In the lower spectrum of rates, only a handful of studies report no complications. We reviewed these to discover a logical explanation. To our surprise, we found that all of them deal with a limited number (20–22) of patients with such challenging cases as congenital scoliosis with dysraphism, severe CP and non-ambulatory DMD with no reported complications. It was evident that the surgeons here used technically advanced instrumentations like third generation CD instrumentation, Modified Luque-Galveston, and segmental pedicle screw instrumentation [45–48]. As the authors explain, these instrumentations provide better biomechanical advantage and stability resulting in fewer implant failures and other implant-related complications, which are a significant cause of neurological complications [7, 47, 49, 50].

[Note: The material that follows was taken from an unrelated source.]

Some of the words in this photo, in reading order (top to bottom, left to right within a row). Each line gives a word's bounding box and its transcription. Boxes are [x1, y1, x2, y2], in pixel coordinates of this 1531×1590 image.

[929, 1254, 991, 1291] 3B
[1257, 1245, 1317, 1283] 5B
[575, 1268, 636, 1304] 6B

Reames et al. and Qui et al. report rates within the confidence interval of overall PR. Reames et al. found 64 neurological complications in a sample of 4,657 NMS patients, with 49 (1.1 %) new neurological deficits and 19 (0.4 %) nerve and plexus injuries. New neurological deficits were seen with revision procedures. Qiu et al. [13] found that the use of combined procedures, Cobb angle >90°, hyperkyphosis and revision surgery were risk factors for neurological deficits.

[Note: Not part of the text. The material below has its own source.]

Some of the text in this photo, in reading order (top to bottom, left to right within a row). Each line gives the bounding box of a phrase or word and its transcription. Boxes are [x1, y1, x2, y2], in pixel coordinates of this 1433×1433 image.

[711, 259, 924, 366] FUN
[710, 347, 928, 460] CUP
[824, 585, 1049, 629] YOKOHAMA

Our sensitivity analysis suggests that high complication rates (15.1 %) are affiliated with lower age at surgery, studies with >100 sample size and publications from the late 1990s. From publication-year sensitivity analysis, we can deduce that advances in anesthesia care, intensive care facilities and surgical constructs over time are responsible for the low complications in recent studies (2002–2011). Neurological complication can present de novo as well as a sequel to infections, implant-related problems and revision, which may explain the higher rates in the large sample studies.
Infection
Development of infection is unfavorable to the final outcome of scoliosis surgery. We found an overall infection PR of 10.91 %. Six studies report prevalence rates higher than the overall and remaining studies; we investigated this subset to identify likely reasons for the high rates. Ramirez, Szoke, Benson, Wimmer and Tsirikos et al. worked with severely afflicted non-ambulatory CP and DMD patients having a mobility status with a proven high infection risk [36, 51]. The patients in Szoke’s et al. study were severely medically compromised, with malnourishment, speech incapacity, muscle release surgery, and seizure disorders exacerbating their CP disorder. Benson et al. and others performed extensive surgeries on high-risk myelomeningocele and spastic CP patients and reported a high frequency of urinary tract infections (5.3 vs. 0.7 %) and surgical wound infections (1.3 vs. 0.3 %), respectively [10, 36, 52]. The high risk of infections in myelomeningocele patients is also supported by results of our sensitivity analysis, depicting an infection rate of 20.32 % in this subgroup. The authors suggest that major surgery poses a high risk of infections in NMS patients and the observed high rates are therefore not surprising. It is interesting to note that the authors recommend surgery in these high-risk patients and they defend this argument on the grounds of high rates of satisfaction and functional improvement reported by the patients and their caretakers.
Our studies also observed that prolonged preoperative hospitalization, extended surgery duration, high blood loss [53, 54], cognitive impairment, severity of deformity, use of allograft [11, 51, 55], urinary tract infection and [54, 56] and malnutrition [57–59] are some of the complexities affiliated with surgical treatment of NMS patients and are also proven risk factors for infections. Szoke et al. [36] elaborate that the infected cases in their series had spastic quadriplegia with severe mental retardation, seizures and speech inability; these patients had also received allogenic transfusion subsequent to high blood loss.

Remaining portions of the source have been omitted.